The Honorable Al Gore
Dear Mr. Gore:
I was troubled by news reports of your recent speech at the Georgetown University Law Center which indicated that you used the term "digital Brown Shirts" when referring to Bush Administration supporters who "pressure reporters and their editors for undermining support for our troops." Political criticism is obviously a legitimate and important part of the marketplace of ideas in this country. However, the use of Nazi imagery inevitably has the effect of trivializing the Holocaust, and I am confident that was not your intention.
The Anti-Defamation League has consistently urged those in the public sphere to refrain from using such Nazi imagery, out of respect for those who perished in the Holocaust, and out of respect for those who survived. As you know, the term "Brown Shirts" in particular evokes memories of thuggery, criminal conduct and terror which cannot fairly be compared to any political tactics, no matter how partisan.
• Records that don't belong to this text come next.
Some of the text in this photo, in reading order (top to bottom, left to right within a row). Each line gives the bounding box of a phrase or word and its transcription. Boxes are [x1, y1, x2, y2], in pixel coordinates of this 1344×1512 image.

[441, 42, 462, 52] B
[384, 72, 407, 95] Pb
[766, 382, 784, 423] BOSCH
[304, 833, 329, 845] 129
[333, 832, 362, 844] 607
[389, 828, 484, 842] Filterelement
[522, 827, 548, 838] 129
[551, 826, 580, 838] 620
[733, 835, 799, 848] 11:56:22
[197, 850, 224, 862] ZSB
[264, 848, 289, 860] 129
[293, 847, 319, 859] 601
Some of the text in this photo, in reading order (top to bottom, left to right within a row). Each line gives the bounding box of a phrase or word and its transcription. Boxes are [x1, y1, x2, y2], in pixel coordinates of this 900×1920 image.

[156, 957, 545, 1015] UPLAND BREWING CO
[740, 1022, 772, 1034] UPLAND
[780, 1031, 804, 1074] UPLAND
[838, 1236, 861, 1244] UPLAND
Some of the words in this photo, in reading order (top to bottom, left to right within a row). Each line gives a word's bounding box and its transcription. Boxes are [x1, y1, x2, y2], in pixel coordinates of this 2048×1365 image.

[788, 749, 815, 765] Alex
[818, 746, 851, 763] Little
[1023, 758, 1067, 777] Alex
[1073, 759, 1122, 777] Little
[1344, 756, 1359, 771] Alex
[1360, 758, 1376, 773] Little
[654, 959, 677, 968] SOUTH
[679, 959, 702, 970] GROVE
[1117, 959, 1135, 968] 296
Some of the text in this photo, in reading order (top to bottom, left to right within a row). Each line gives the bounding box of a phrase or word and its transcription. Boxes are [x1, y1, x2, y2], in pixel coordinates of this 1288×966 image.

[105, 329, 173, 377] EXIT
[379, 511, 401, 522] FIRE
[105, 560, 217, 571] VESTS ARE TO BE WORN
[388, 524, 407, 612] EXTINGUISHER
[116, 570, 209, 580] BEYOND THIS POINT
We recognize that the First Amendment guarantees speech and imagery, even when it is hateful or offensive. It is our hope, however, that some constitutionally-protected expression can still be viewed as "beyond the pale" because of the pain it evokes. Nazi imagery falls into this category, and we hope you will join us in discouraging such rhetoric in the future, across the political spectrum, so that our national political debate can maintain as high a level of civil discourse as possible.